The plane is there just so that any shadows will have somewhere to fall. Shadow casting is normally created as a default once an object has a material assigned. In step 19, we also said let the plane receive transparent shadows. That means that objects casting shadows with an alpha component such as windows, or transparent materials, will have accurate shadows showing that transparency.

We also set up soft raytrace shadows by turning on this feature for the key light. The important setting here is the number of samples. Too low and the shadow will look fake. Too high and the render times will become rather lengthy. Setting this to 6 is a good compromise for accuracy and speed.

Finally, we have set up ambient occlusion, which simulates the darkening of shadows in crevices and shaded portions of a model. The higher the Factor level, the darker the ambient occlusion will become. Essentially, the darkening is being multiplied on top of the rendered image, although it can also be set to Add.

Full raytraced ambient occlusion can take some time to compute, so it is good news that Blender has an excellent Approximate method, which is very quick. The Attenuation and Passes can be tweaked to give the best balance between accuracy and render time. Too low a setting will produce a spotty darkening that is not very real. We set Passes at 6, which is another excellent compromise. Ambient occlusion is only available if you render with raytrace enabled.

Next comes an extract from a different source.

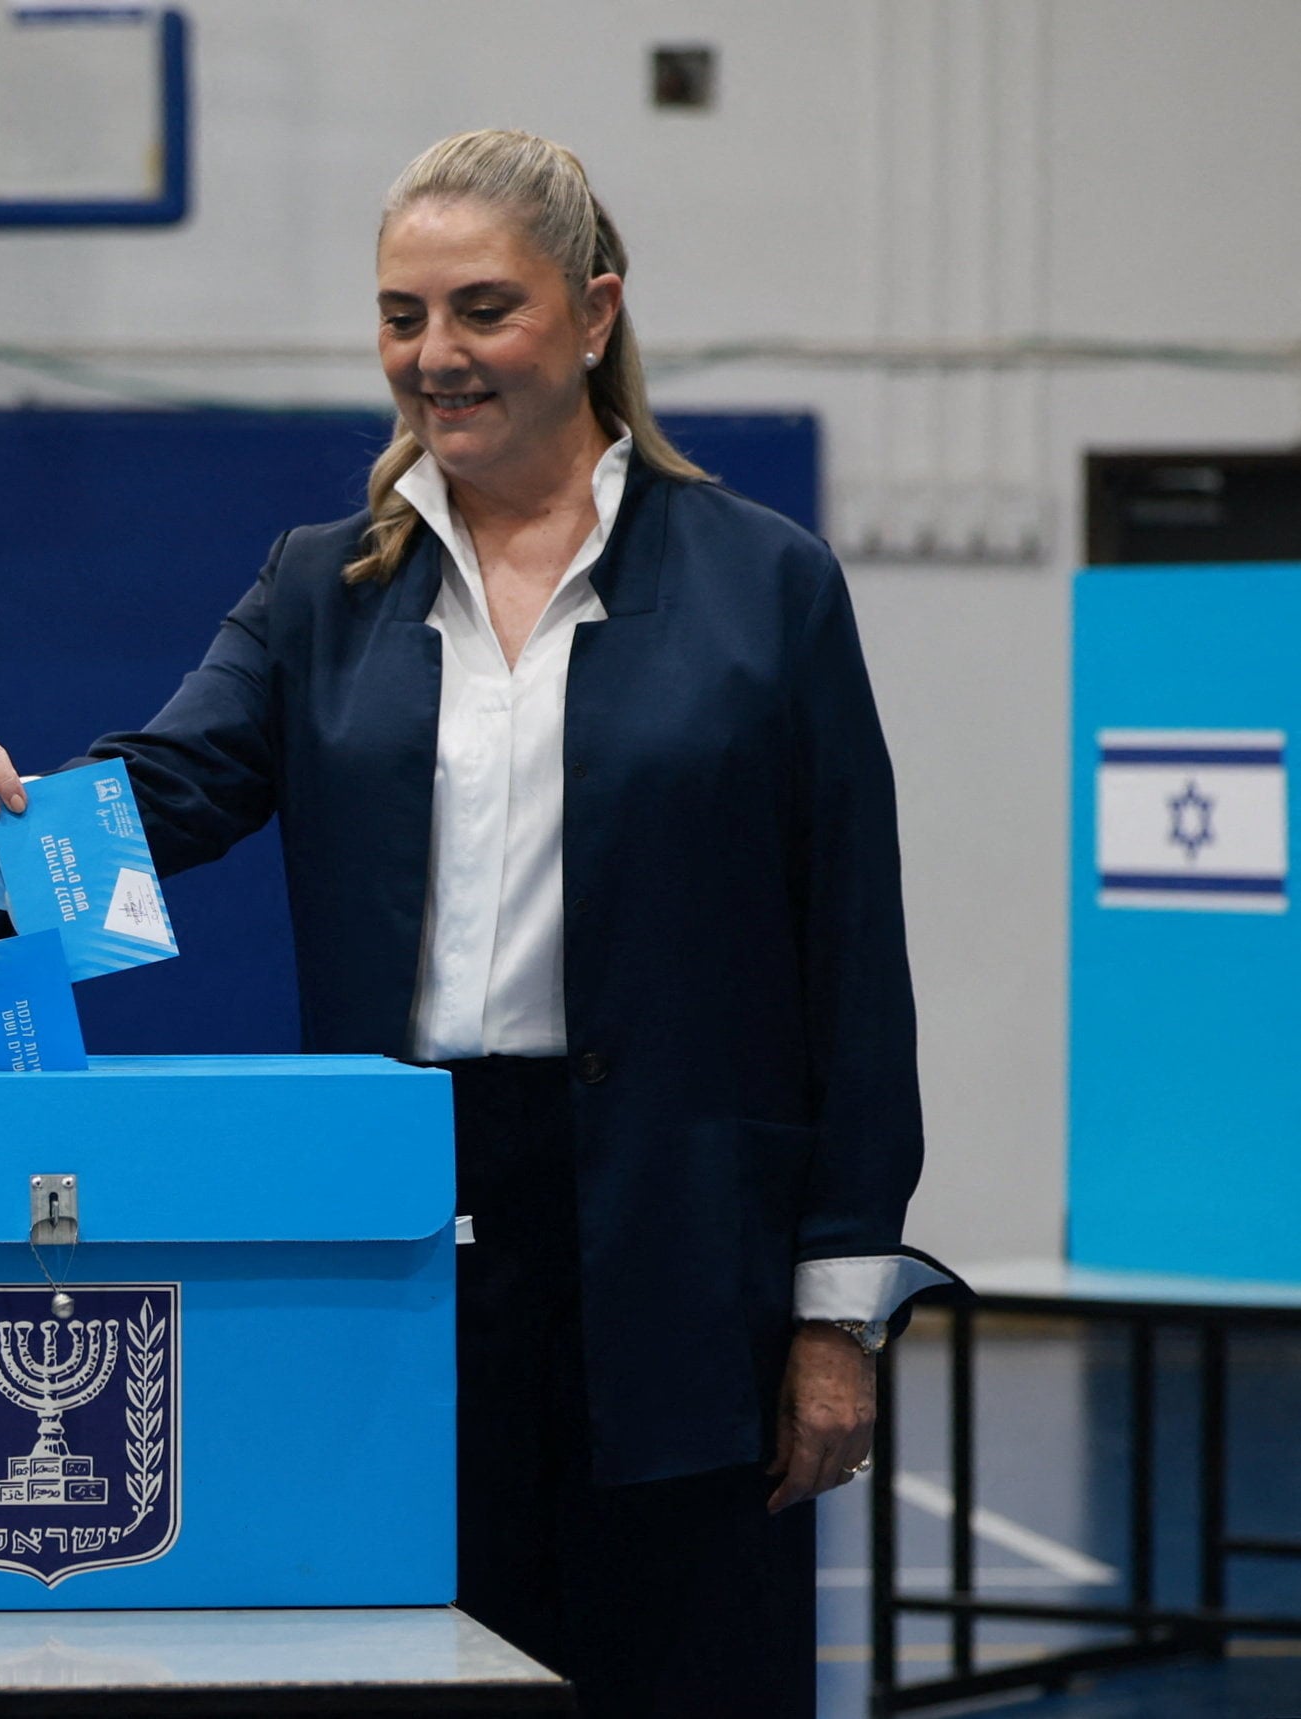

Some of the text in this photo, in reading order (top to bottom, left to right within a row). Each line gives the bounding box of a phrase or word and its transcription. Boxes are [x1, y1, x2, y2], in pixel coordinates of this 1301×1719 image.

To save all these extra setting as the default, we only had to press CTRL+U. Now, whenever you start a new scene, these settings will be pre-set.

There’s more…

Occasionally, you may go too far with default settings and find that render times become too long when you only want to check how a material is progressing. Another common problem is that users will sometimes inadvertently save a pre-created scene as the default. If this happens, you can always return to the factory settings by pressing CTRL+N or choosing the Load Factory Settings from the File menu.

As you will be doing this regularly, the default light setup is perfectly adequate. However, for a ‘hero’ render, I would recommend the following settings:

Lights

Your key light, the one to the right of frame, should be set to Energy 0.500. Under the Light panel, set ShadowRay Shadow. Under Sampling, set to Adaptive QMC and Soft Size to 5.318, and Samples to 6. This will create a nice soft shadow, which is more realistic than the sharp ray shadows produced by the default settings.

Ambient occlusion

Ambient occlusion can produce a nice darkening of overall illumination around those shaded parts in our renders. It adds a decent approximation of how real light and shadow spread through an environment giving a render depth.

In our example, a Blend sky has been set in the World panel, with a Horizon color R and G set to 0.80, and B set to 0.69. The Zenith color has been set to R 0.69, G 0.75, and B 0.80.

Ambient Occlusion has been selected with the following settings: Factor 1.00, and Multiply. Under Gather, Raytrace is selected and Sampling is set to Adaptive QMC, with Samples 24. Threshold and Adapt To Speed are all set to defaults. Under Attenuation, Distance is set to 10.000 with Falloff and Strength set to 0.220.